Carlos Manhãs deixou a casa de Roberta por volta das 17 horas. Parecia com pressa. Entrou no veículo falando ao telefone e antes de ligar o motor ele seguia falando e gesticulando bastante.

- Você não sabe o trabalho que deu para conseguir isso. – disse saindo com o carro.

André registrou tudo usando sua fiel companheira, uma Canon 7d que lhe custou os olhos da cara na época. Assim que seu investigado deu uma certa distância ele autorizou que o motorista do Uber fosse atrás. Enquanto anotava suas ações afim de que, no fim do dia o relatório estivesse completo, André voltou a pensar em Amanda, seria melhor abrir o jogo com ela? Amanda não merece um cara igual a André. Ela é uma menina trabalhadora, dona de um futuro promissor e com certeza não encontrará dificuldades para conseguir um sujeito fiel a seu lado. Cruz é o que podemos chamar de homem galinha.

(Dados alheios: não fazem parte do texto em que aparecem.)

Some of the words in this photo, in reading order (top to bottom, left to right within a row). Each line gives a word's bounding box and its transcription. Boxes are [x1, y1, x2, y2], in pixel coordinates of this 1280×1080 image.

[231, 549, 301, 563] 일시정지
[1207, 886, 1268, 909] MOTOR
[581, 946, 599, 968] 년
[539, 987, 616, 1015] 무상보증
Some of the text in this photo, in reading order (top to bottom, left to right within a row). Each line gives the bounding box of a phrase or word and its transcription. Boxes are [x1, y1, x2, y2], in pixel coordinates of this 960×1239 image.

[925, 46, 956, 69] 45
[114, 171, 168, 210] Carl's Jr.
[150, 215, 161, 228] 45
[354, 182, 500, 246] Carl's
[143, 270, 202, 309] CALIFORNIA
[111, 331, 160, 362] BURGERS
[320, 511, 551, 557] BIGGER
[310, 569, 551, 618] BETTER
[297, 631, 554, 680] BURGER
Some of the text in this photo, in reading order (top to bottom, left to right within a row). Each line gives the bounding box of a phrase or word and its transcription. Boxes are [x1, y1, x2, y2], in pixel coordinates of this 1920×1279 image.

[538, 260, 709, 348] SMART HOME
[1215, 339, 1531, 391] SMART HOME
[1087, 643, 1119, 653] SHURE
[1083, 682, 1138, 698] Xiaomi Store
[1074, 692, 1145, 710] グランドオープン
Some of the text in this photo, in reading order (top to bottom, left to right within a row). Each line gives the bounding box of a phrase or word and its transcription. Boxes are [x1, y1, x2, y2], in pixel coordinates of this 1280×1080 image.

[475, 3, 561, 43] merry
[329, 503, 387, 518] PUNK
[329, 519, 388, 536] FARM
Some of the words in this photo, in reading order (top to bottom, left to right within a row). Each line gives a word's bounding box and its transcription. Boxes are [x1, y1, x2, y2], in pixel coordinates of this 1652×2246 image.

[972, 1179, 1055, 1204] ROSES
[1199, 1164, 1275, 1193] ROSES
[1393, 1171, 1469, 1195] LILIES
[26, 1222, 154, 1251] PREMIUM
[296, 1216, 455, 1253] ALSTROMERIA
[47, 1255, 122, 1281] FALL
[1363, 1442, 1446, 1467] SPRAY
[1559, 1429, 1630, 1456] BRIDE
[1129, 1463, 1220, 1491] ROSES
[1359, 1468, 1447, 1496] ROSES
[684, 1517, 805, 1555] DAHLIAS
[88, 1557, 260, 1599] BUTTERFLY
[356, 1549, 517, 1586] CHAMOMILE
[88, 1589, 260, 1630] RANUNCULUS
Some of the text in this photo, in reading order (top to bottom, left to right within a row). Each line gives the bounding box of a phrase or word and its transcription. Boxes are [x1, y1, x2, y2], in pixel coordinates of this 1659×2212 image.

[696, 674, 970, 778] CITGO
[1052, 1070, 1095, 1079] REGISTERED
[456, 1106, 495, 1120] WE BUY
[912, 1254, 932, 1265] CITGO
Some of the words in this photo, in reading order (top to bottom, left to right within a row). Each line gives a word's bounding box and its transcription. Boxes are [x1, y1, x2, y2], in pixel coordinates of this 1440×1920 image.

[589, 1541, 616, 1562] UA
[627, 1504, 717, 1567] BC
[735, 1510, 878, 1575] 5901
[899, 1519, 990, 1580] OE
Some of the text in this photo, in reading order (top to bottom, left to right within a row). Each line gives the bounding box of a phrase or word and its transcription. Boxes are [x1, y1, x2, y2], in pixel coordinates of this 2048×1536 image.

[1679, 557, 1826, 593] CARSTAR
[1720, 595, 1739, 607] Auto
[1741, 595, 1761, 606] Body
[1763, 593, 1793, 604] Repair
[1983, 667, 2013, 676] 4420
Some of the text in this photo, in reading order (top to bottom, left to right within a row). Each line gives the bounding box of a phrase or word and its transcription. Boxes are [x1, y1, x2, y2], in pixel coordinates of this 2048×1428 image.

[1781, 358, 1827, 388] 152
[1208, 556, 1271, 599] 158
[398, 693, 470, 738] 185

- O carro parou. – informou o motorista.

Foi como Cruz havia imaginado. Carlos desceu do veículo com o celular esmagando sua orelha esquerda, ainda falando e gesticulando absurdamente.

- Eu cheguei aqui agora. Vou falar diretamente com o gerente do banco.

André pagou a corrida e desceu. Caminhou até próximo do poste. Sacou seu smartphone. Claro. Nesses casos, um celular chama muito menos atenção. Fotografou e filmou. O trabalho de um detetive particular consiste no quesito paciência. Nunca, jamais e em tempo algum se pode agir por ímpeto. A palavra “espera” é a principal no vocabulário de um investigador. André Cruz permaneceu sentado na lanchonete ao lado do banco durante as quase uma hora em que Carlos Manhãs esteve na agência bancária. Deu tempo até de pedir um sanduba e suco.

- Pronto. – disse Carlos deixando o banco. – conversei com o gerente e aproveitei para fazer a transferência. Agora falta pouco.

Mais fotos e mais filmagens. Nessa hora o detetive gostaria de ser um mosquito só para saber qual o assunto. André deixou a lanchonete a tempo de conseguir ouvir Carlos dizer que estava voltando para casa.

Cruz chamou outro Uber. Dentro do veículo ele começou a rabiscar sua linha de investigação. Numa ponta ele escreveu o nome Carlos. Ao lado o nome e endereço do banco. Em seguida o contato misterioso pelo telefone, preciso descobrir quem é. Pronto. É o que André tem pra hoje. Foi um avanço? A voz eletrônica do aplicativo o fez voltar a realidade “você chegou ao seu destino”. André subiu correndo para o seu apartamento e vinte minutos depois Juliana apareceu. Ela aguardou alguns minutos perto do portão pacientemente. André voltou, a beijou e ambos saíram andando pela calçada abraçados como dois pombinhos. A muitos passos atrás, segurando o choro e a raiva está Amanda.